Given data Start Marker

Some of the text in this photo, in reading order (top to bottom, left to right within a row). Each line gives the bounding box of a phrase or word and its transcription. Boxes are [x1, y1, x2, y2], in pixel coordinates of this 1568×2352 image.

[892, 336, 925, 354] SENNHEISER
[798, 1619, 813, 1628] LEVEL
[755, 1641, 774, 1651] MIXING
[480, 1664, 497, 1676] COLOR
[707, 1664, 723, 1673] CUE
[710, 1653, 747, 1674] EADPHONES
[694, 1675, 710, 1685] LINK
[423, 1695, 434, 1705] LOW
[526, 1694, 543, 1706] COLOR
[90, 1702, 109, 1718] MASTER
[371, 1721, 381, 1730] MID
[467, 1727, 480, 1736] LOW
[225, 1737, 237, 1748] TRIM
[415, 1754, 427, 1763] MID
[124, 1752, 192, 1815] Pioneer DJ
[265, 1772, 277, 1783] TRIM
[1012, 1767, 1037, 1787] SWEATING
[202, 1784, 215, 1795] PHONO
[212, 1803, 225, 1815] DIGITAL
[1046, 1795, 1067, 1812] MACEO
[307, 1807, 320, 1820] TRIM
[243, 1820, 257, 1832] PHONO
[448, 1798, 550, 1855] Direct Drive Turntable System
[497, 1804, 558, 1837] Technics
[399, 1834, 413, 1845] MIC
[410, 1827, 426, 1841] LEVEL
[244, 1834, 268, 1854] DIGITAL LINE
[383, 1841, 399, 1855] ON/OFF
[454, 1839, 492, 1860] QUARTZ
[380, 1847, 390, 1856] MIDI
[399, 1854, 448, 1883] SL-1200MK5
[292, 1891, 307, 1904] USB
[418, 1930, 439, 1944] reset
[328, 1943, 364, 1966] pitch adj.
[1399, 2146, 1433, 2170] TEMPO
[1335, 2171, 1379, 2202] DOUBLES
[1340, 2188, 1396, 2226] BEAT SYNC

Given data End Marker

# Exercise aim:
Every line of the listing is to be transcribed exactly.

# Solution for this exercise:
Some of the text in this photo, in reading order (top to bottom, left to right within a row). Each line gives the bounding box of a phrase or word and its transcription. Boxes are [x1, y1, x2, y2], in pixel coordinates of this 1568×2352 image.

[892, 336, 925, 354] SENNHEISER
[798, 1619, 813, 1628] LEVEL
[755, 1641, 774, 1651] MIXING
[480, 1664, 497, 1676] COLOR
[707, 1664, 723, 1673] CUE
[710, 1653, 747, 1674] EADPHONES
[694, 1675, 710, 1685] LINK
[423, 1695, 434, 1705] LOW
[526, 1694, 543, 1706] COLOR
[90, 1702, 109, 1718] MASTER
[371, 1721, 381, 1730] MID
[467, 1727, 480, 1736] LOW
[225, 1737, 237, 1748] TRIM
[415, 1754, 427, 1763] MID
[124, 1752, 192, 1815] Pioneer DJ
[265, 1772, 277, 1783] TRIM
[1012, 1767, 1037, 1787] SWEATING
[202, 1784, 215, 1795] PHONO
[212, 1803, 225, 1815] DIGITAL
[1046, 1795, 1067, 1812] MACEO
[307, 1807, 320, 1820] TRIM
[243, 1820, 257, 1832] PHONO
[448, 1798, 550, 1855] Direct Drive Turntable System
[497, 1804, 558, 1837] Technics
[399, 1834, 413, 1845] MIC
[410, 1827, 426, 1841] LEVEL
[244, 1834, 268, 1854] DIGITAL LINE
[383, 1841, 399, 1855] ON/OFF
[454, 1839, 492, 1860] QUARTZ
[380, 1847, 390, 1856] MIDI
[399, 1854, 448, 1883] SL-1200MK5
[292, 1891, 307, 1904] USB
[418, 1930, 439, 1944] reset
[328, 1943, 364, 1966] pitch adj.
[1399, 2146, 1433, 2170] TEMPO
[1335, 2171, 1379, 2202] DOUBLES
[1340, 2188, 1396, 2226] BEAT SYNC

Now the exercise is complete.